In the quiescent state, BRAF is maintained in an autoinhibited complex with MEK and a 14-3-3 dimer in the cytosol. As a first step in activation (1), this complex is recruited to the membrane by GTP-bound RAS to form a recruitment complex, as visualized in this study. The interaction with farnesylated RAS in a membrane context induces release of autoinhibitory interactions in the BRAF/MEK1/14-3-3 complex, resulting in formation of an “open” monomer complex (2). This second step in activation may result from extraction of the CRD domain from its relatively buried site in the autoinhibited complex, due to preferential binding to RAS and the plasma membrane. Opening exposes pS365 for dephosphorylation by the SHOC2 phosphatase complex, and also allows the 14-3-3 dimer to rearrange to bind the C-terminal pS729 site of two BRAF molecules, driving and stabilizing the active BRAF dimer (3). Because the pS365 site is buried and not accessible for dephosphorylation in the recruitment complex, and because S365 plays no known role in the formation of the active dimer, we hypothesize that the SHOC2 phosphatase complex acts on the open monomer state and contributes to activation by preventing its “reclosure”. Once pS365 is dephosphorylated, BRAF cannot reassume the closed, autoinhibited state observed in the recruitment complex, and the resulting accumulation of open monomers favors rearrangement into active dimers.
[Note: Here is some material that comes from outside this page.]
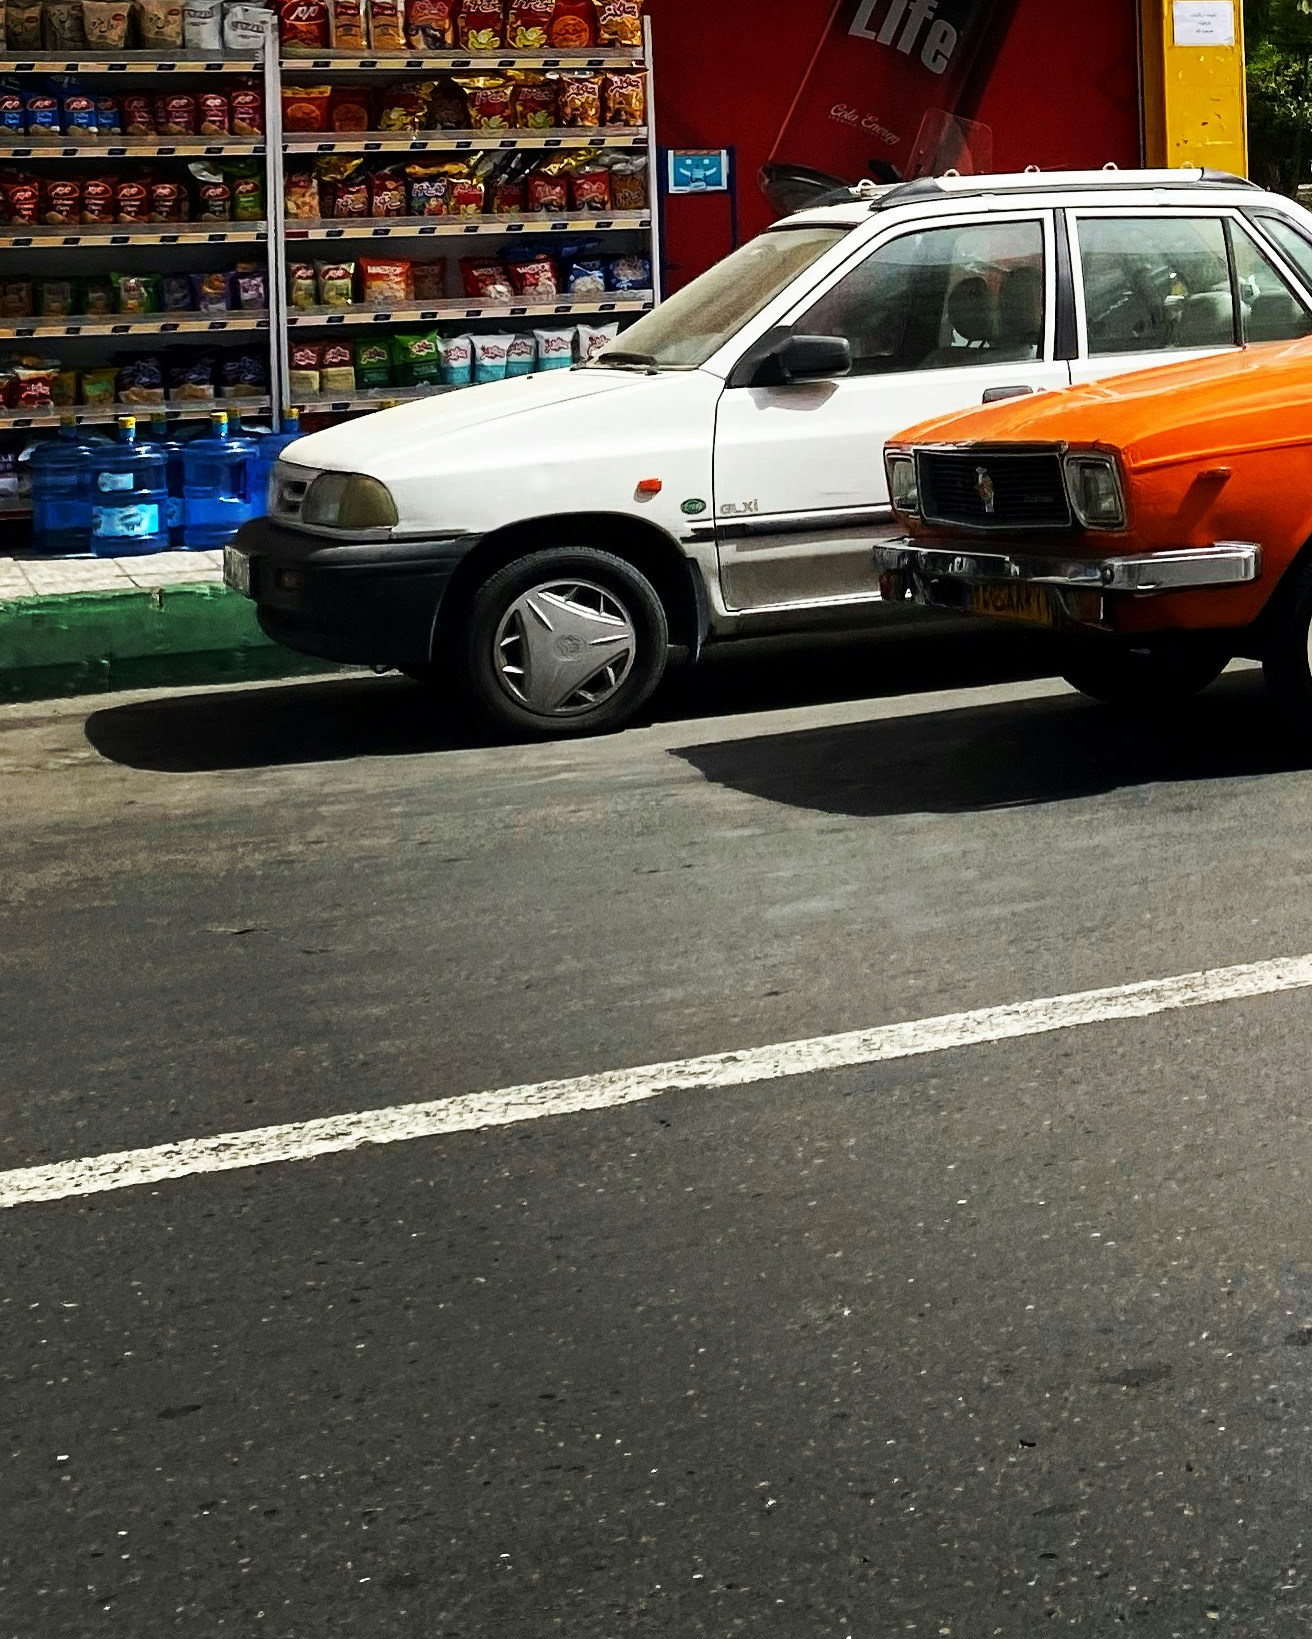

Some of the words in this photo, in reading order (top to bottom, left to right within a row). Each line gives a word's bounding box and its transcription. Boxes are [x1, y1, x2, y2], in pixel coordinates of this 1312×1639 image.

Protein Data Bank accession codes for structures supporting distinct states and components of this model include: 6NYB and 7MFD (autoinhibited complex); 8DGS and 8DGT (recruitment complex, this study); 6PP9 and 6U2G (BRAF/MEK kinase domain portion of open monomer); 6XHB and 7JHP (RAS complexes with RBD/CRD fragments of RAF, relevant to the open monomer and active dimer states); 6Q0J, 6Q0K, 6UAN, 6XAG, 7MFF (14-3-3-bound BRAF dimers, with or without MEK); and 7SD0, 7UPI, 7TXH, and 7TVF (ternary SHOC2, MRAS, PP1C phosphatase complex).